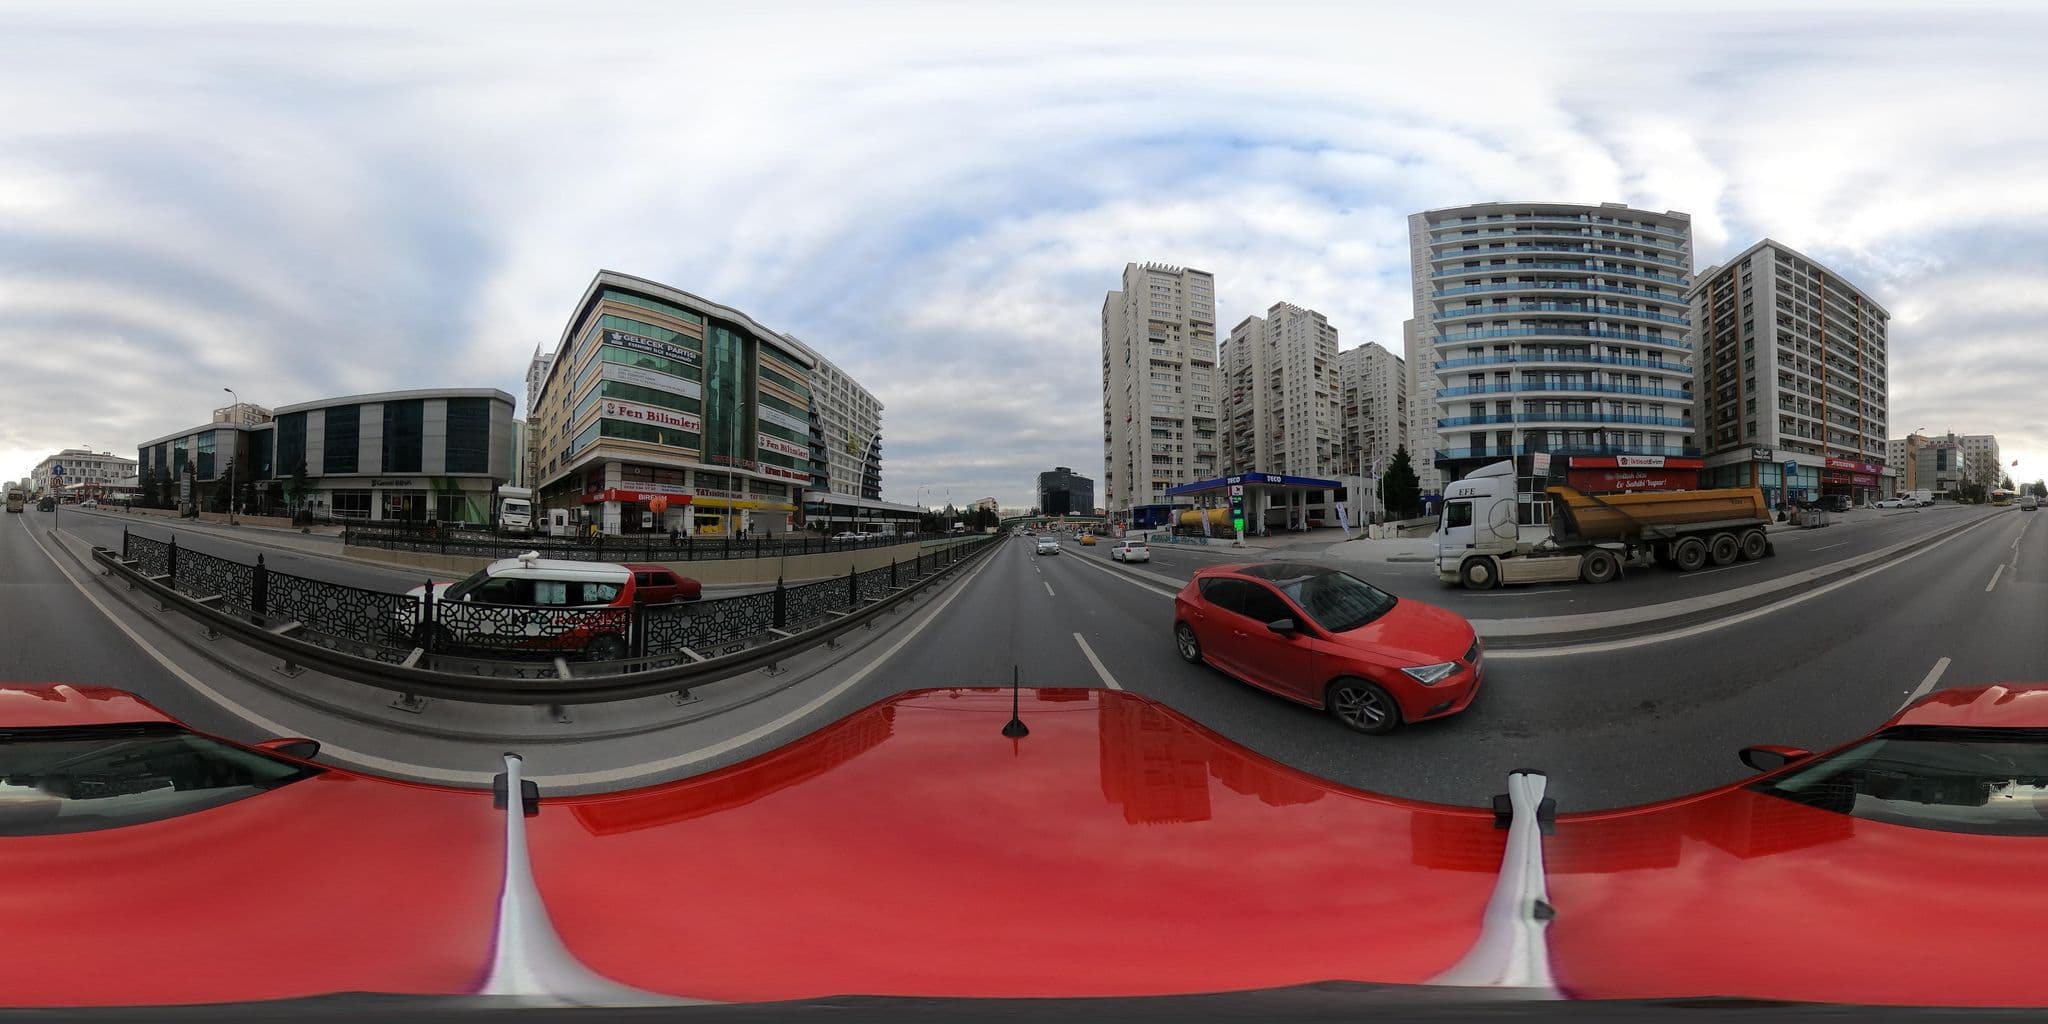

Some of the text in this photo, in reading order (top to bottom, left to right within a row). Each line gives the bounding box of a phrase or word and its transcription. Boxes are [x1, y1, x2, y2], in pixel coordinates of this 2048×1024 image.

[623, 334, 664, 350] GELECEK
[618, 406, 700, 430] Fen Bilimleri
[766, 439, 809, 460] Fen Bilimleri
[1458, 487, 1475, 496] EFE

• _Task prompt_:
Give back the whole listing exactly; no pictures.

• _Response for this exercise_:
Some of the text in this photo, in reading order (top to bottom, left to right within a row). Each line gives the bounding box of a phrase or word and its transcription. Boxes are [x1, y1, x2, y2], in pixel coordinates of this 2048×1024 image.

[623, 334, 664, 350] GELECEK
[618, 406, 700, 430] Fen Bilimleri
[766, 439, 809, 460] Fen Bilimleri
[1458, 487, 1475, 496] EFE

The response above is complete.